= What you will do =
Below are the records to transcribe exactly; do not include any images.

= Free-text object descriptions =
-- Opening Marker --

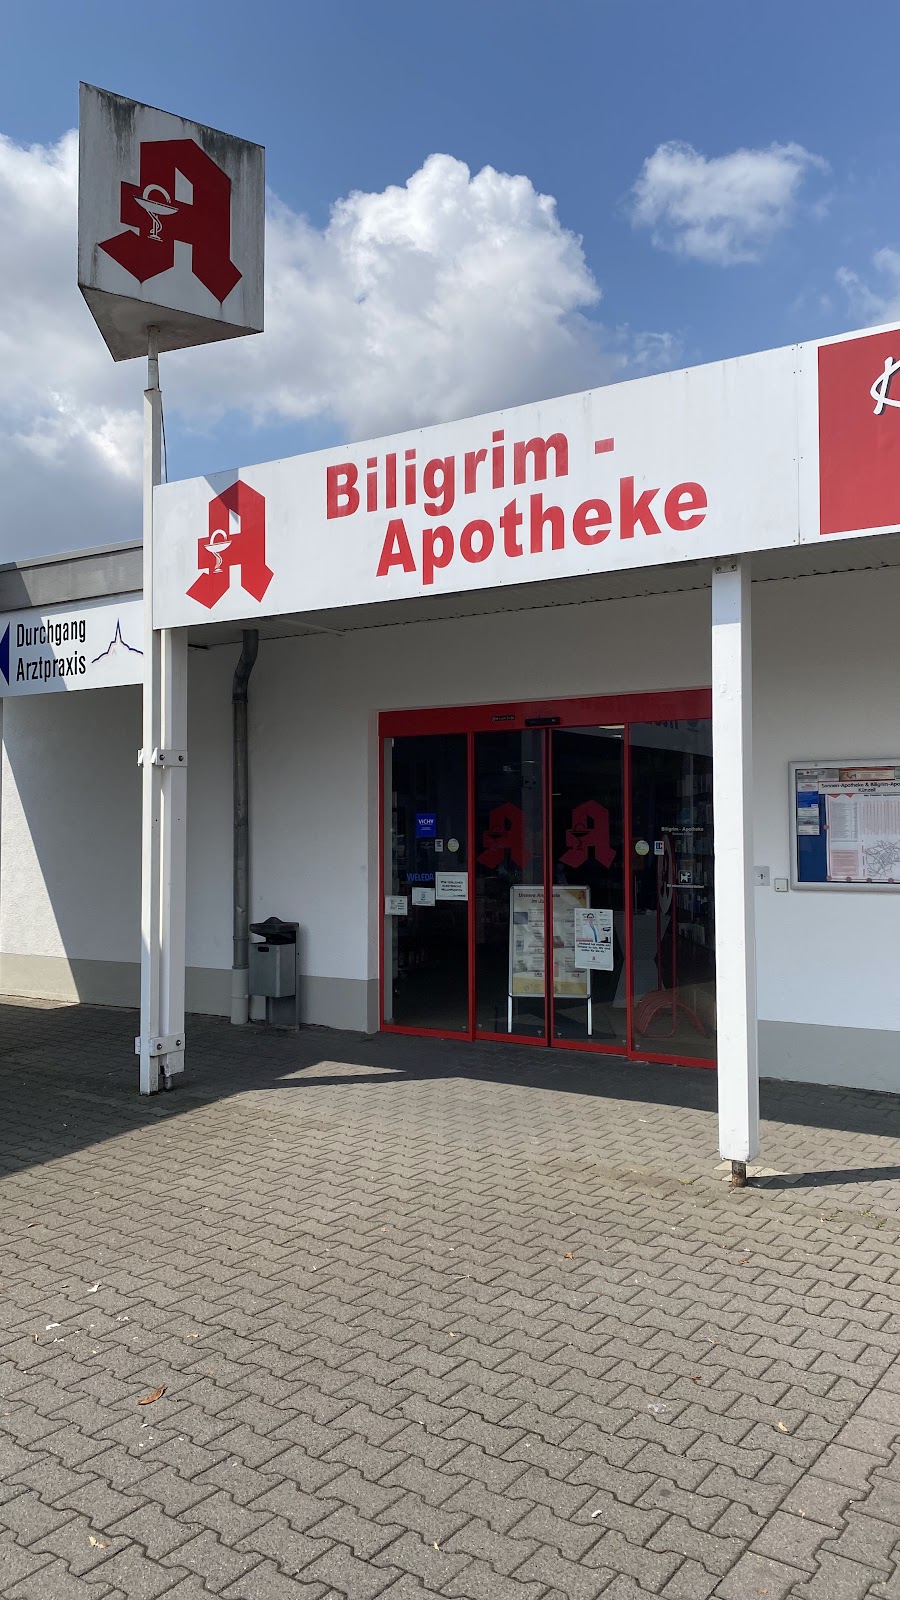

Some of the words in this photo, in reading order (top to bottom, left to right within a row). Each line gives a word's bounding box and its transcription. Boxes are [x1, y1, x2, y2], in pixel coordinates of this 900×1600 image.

[326, 431, 569, 519] Biligrim
[376, 477, 708, 585] Apotheke
[16, 619, 86, 647] Durchgang
[16, 651, 86, 682] Arztpraxis
[406, 872, 435, 882] WELEDA
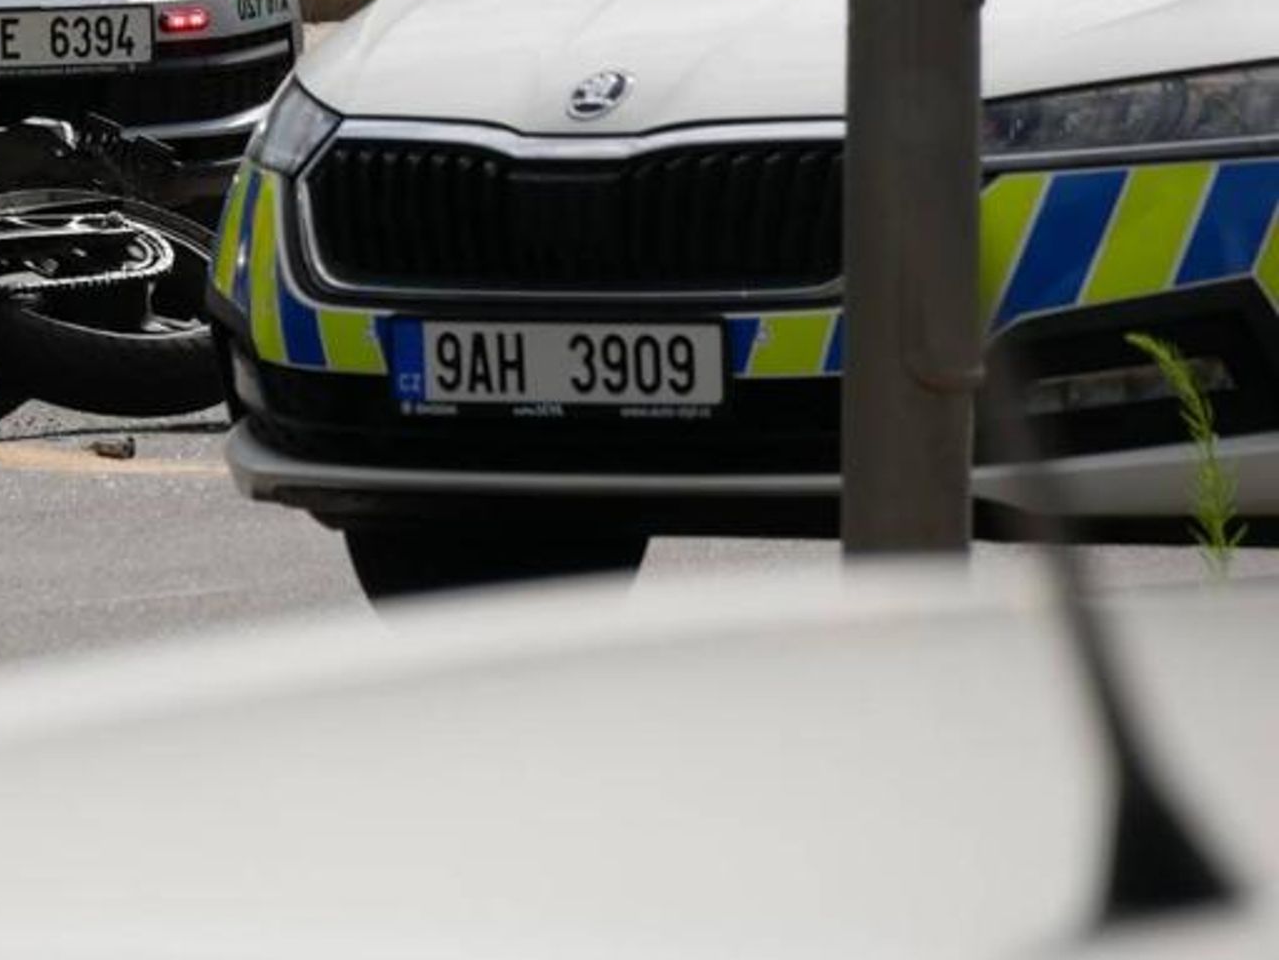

-- Closing Marker --

= Response for this exercise =
Some of the words in this photo, in reading order (top to bottom, left to right within a row). Each line gives a word's bounding box and its transcription. Boxes are [x1, y1, x2, y2], in pixel coordinates of this 900×1600 image.

[326, 431, 569, 519] Biligrim
[376, 477, 708, 585] Apotheke
[16, 619, 86, 647] Durchgang
[16, 651, 86, 682] Arztpraxis
[406, 872, 435, 882] WELEDA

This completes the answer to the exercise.